Le tecnologie rappresentano uno dei fattori-chiave per la crescita di un’impresa. Sempre di più per il comparto industriale il vantaggio competitivo basato sulle tecnologie rappresenta un fattore critico di successo. Nei settori industriali ad alta tecnologia è fondamentale investire in attività di ricerca, sviluppo e innovazione per garantire la continuità dell’attività d’impresa e fornire prodotti in linea con le soluzioni applicative richieste dal mercato. L’industria dei semiconduttori è uno dei principali settori per intensità di investimenti in ricerca e sviluppo, e la microelettronica si configura come una fonte essenziale di innovazione, costituendo l’indispensabile base tecnologica per abilitare nuove applicazioni produttive. Le tecnologie microelettroniche si pongono quindi come elementi di discontinuità in grado di accelerare la transizione verso un’economia in cui conoscenza, ricerca, sviluppo e manifattura divengono elementi imprescindibili per l’acquisizione di più ampi livelli di competitività in uno scenario globale. In un tale contesto di mercato, caratterizzato da estrema concorrenzialità, diventa essenziale la capacità delle aziende di anticipare l’introduzione di nuovi processi e prodotti e di accedere tempestivamente ad applicazioni emergenti. Inoltre, la ricaduta prodotta dagli sviluppi più avanzati, sia tecnologici sia di prodotto, rappresenta l’elemento-chiave per migliorare anche le produzioni correnti in termini di costo, prestazioni e affidabilità.
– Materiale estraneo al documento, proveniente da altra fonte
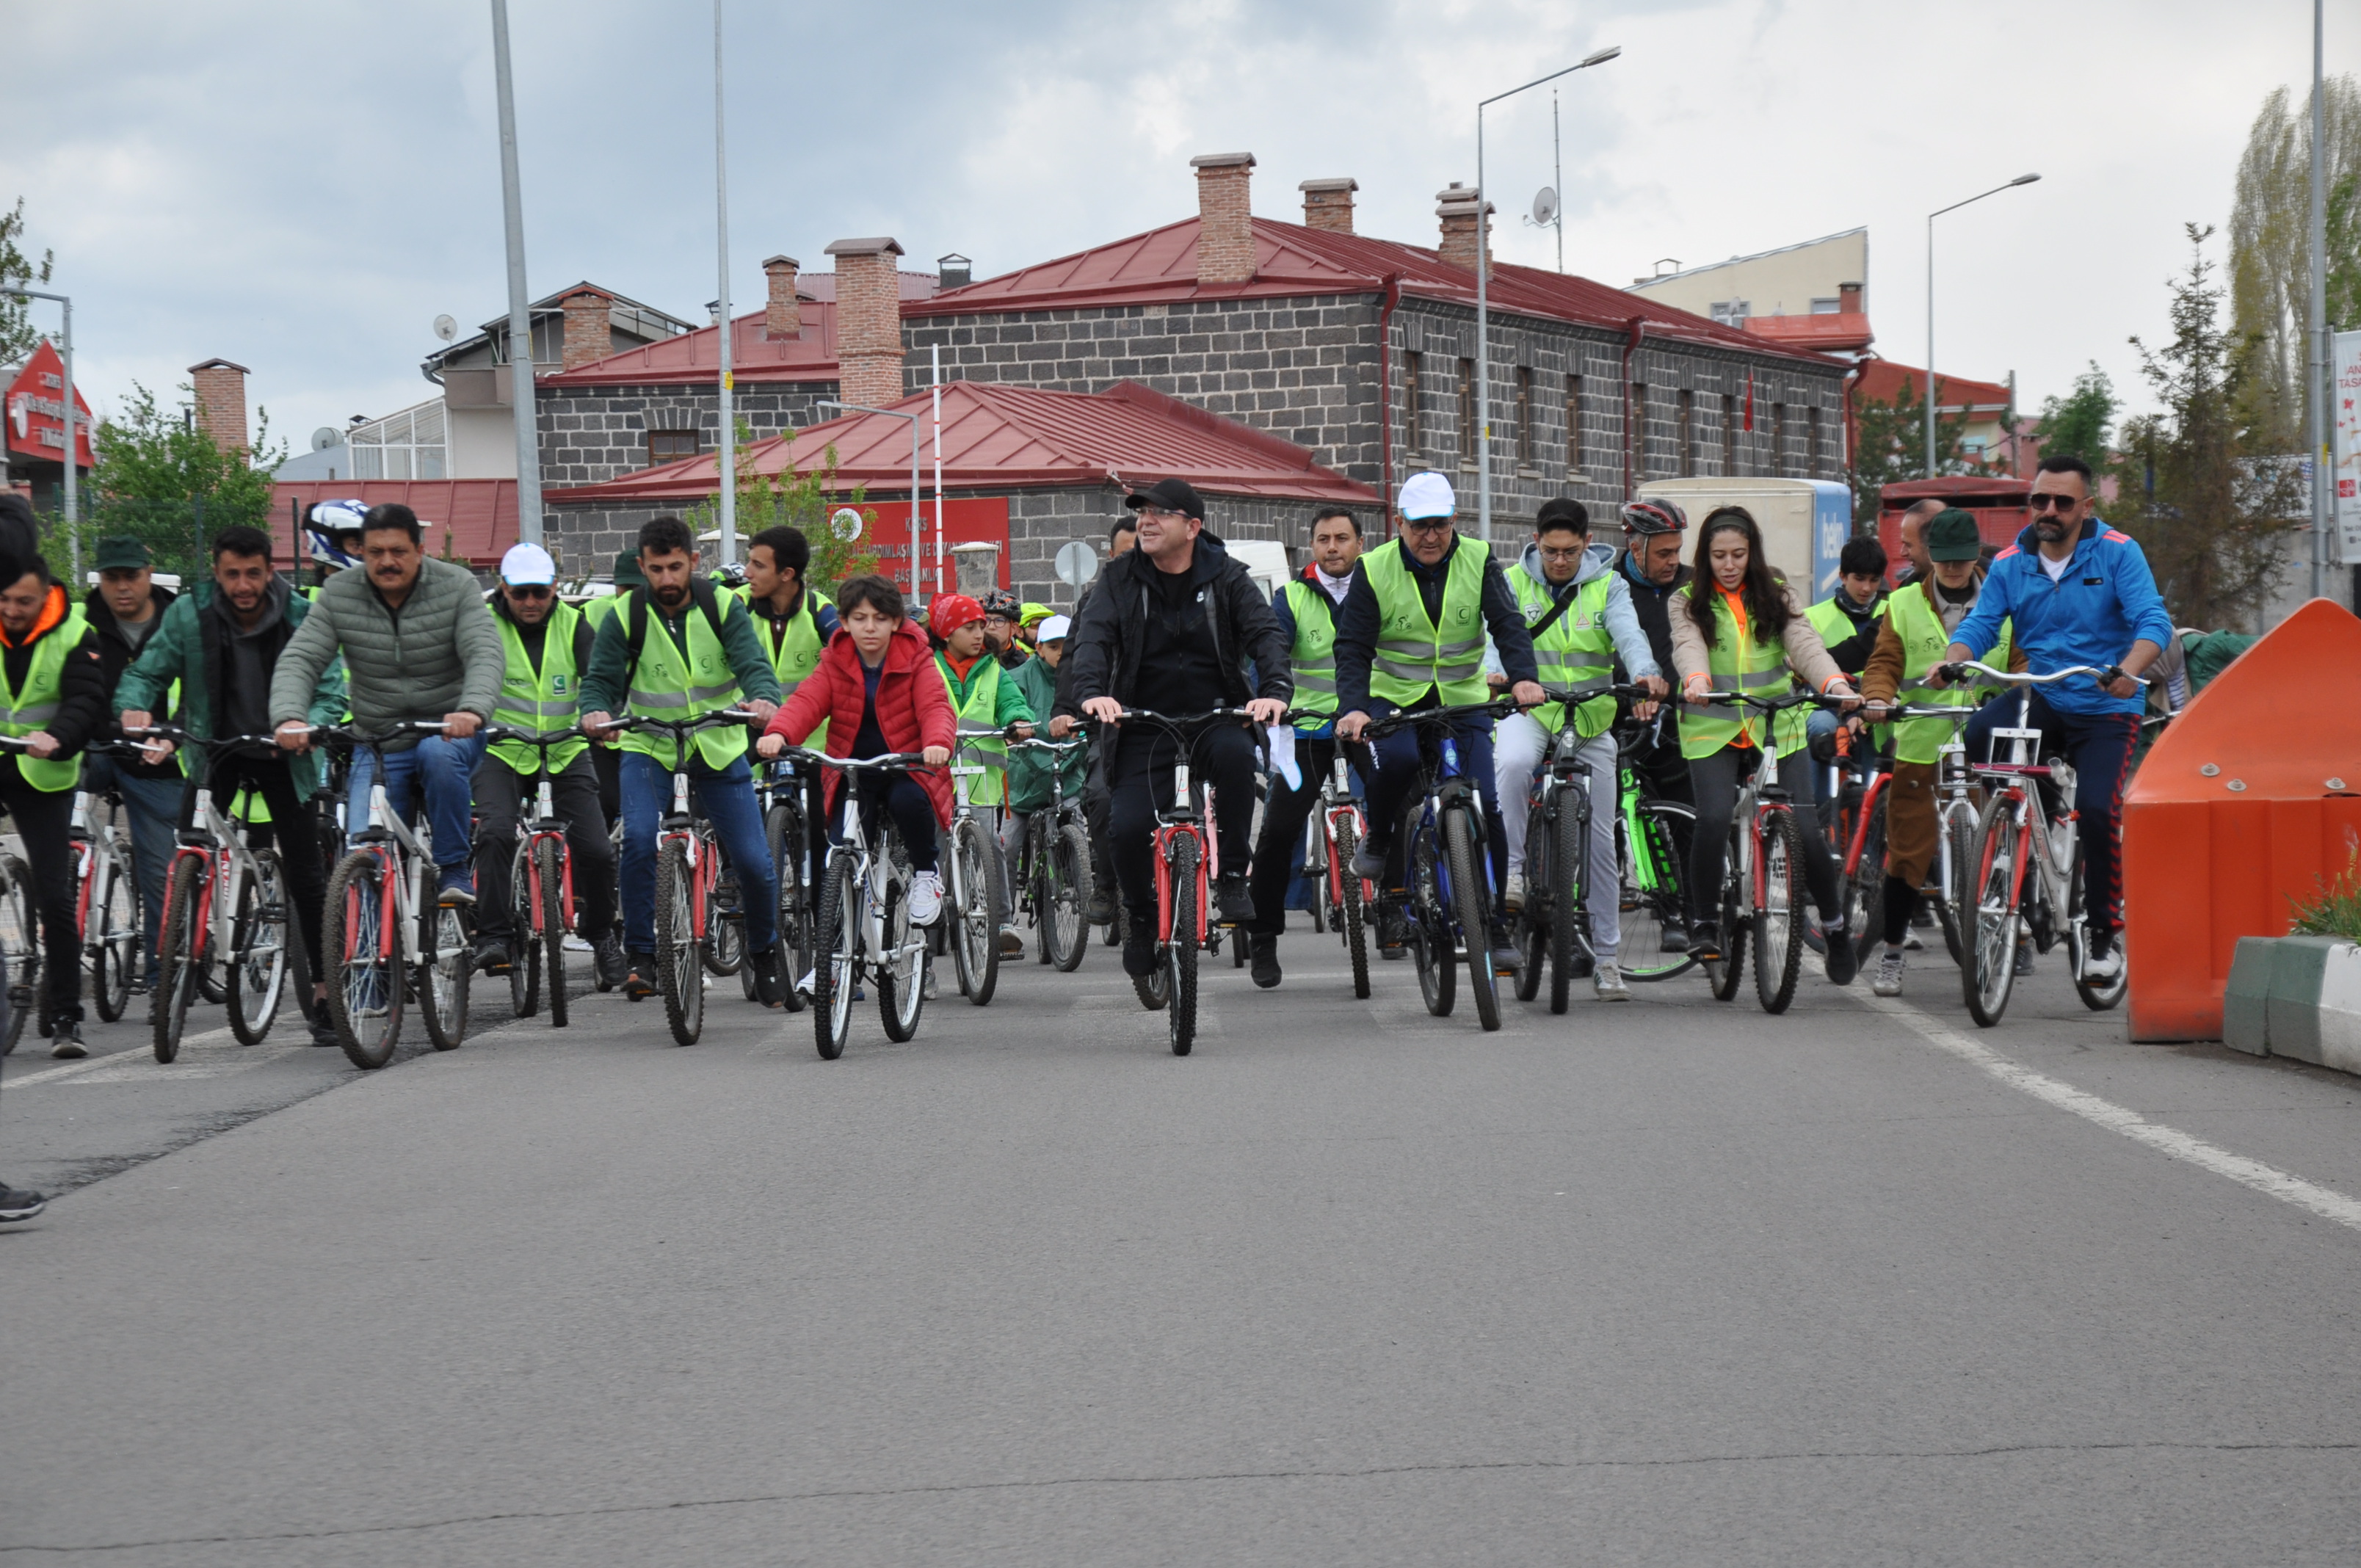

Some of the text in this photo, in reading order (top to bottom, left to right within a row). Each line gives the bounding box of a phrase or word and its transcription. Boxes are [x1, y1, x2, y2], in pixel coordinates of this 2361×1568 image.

[905, 518, 928, 531] KRS
[1823, 512, 1844, 559] beko
[863, 543, 915, 563] ARDIMLAŞM
[895, 567, 940, 587] BAŞANLI
L’elemento decisivo del vantaggio competitivo-tecnologico, sia per le aziende ad alta tecnologia sia per quelle a minore intensità di innovazione presenti in Italia, è rappresentato dalla proficua interazione con l’ecosistema dell’innovazione, composto da: formazione, intesa come attività tipiche della scuola secondaria di secondo grado e università; rete delle competenze, composta da centri di ricerca pubblici o privati e delle università; infine, le partnership industriali, attivate con i clienti che abbiano posto l’innovazione al centro della propria strategia.
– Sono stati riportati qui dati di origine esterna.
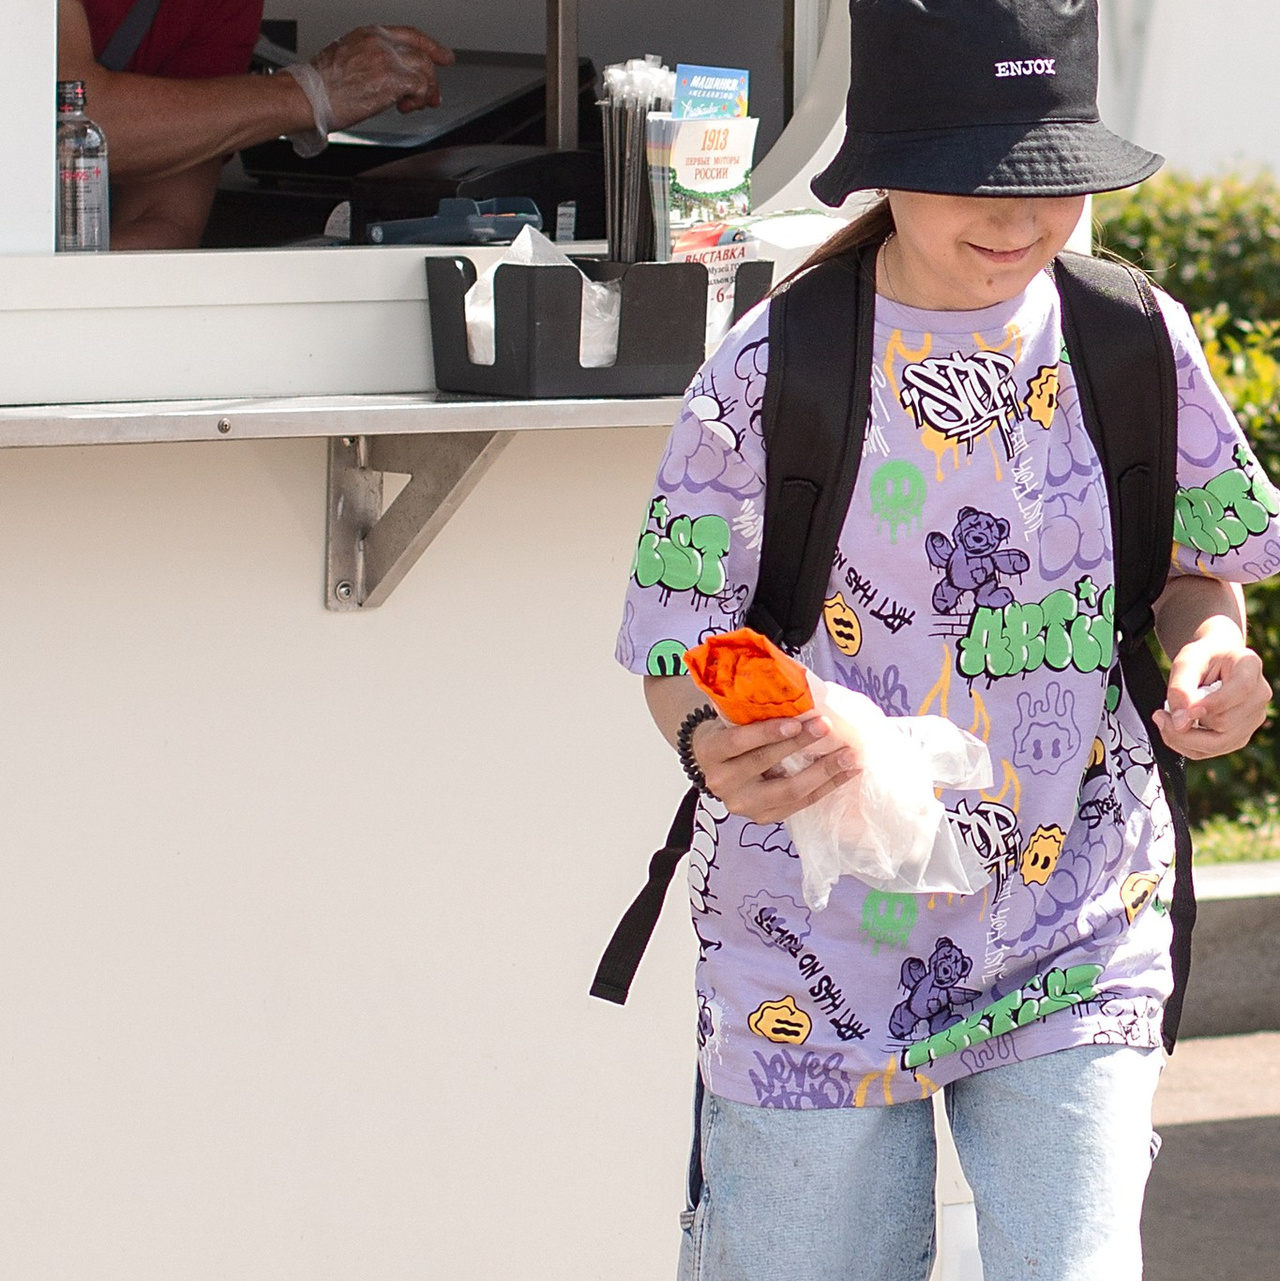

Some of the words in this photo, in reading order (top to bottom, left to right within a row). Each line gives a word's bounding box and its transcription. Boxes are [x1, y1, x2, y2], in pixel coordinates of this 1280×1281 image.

Volendo approfondire ciascuno dei tre elementi dell’ecosistema dell’innovazione e partendo dal tema della formazione, i numeri evidenziano come a livello-Italia ancora oggi un numero insufficiente di studenti scelga gli studi tecnico-scientifici. È importante promuove iniziative tese a dimostrare che la tecnologia e l’innovazione possono rappresentare una professione interessante anche in Italia; e considerare, inoltre, che la qualità della formazione delle persone impegnate nelle varie attività dell’impresa rappresenti un elemento fondamentale per incidere in modo sostanziale sulla qualità dei risultati aziendali in scenari sempre più competitivi. Le aziende più proattive collaborano già con le università, attraverso i classici programmi di stage e lavori di tesi sperimentali, ma anche stimolando gli attori accademici alla formazione di laureati che, partendo da un’approfondita specializzazione, siano dotati di strumenti culturali e metodologici per affrontare discipline molto diverse da quelle di loro competenza.

Passando quindi all’approfondimento dell’entità dello sforzo nell’innovazione, se da un lato questo è fortemente influenzato dalle risorse economico-finanziarie e dal capitale umano che si riesce ad allocarvi, dall’altro si caratterizza per l’ampiezza dell’impegno nell’innovazione e la capacità di dominarne le conoscenze richieste: spaziando, ad esempio, dalla ricerca di nuovi materiali alla base delle nuove tecnologie, fino allo sviluppo di conoscenze di sistema necessarie per creare soluzioni avanzate per mercati eterogenei: dall’automobile, all’efficienza energetica, fino alle applicazioni mobili o indossabili, alle applicazioni per la salute e così via.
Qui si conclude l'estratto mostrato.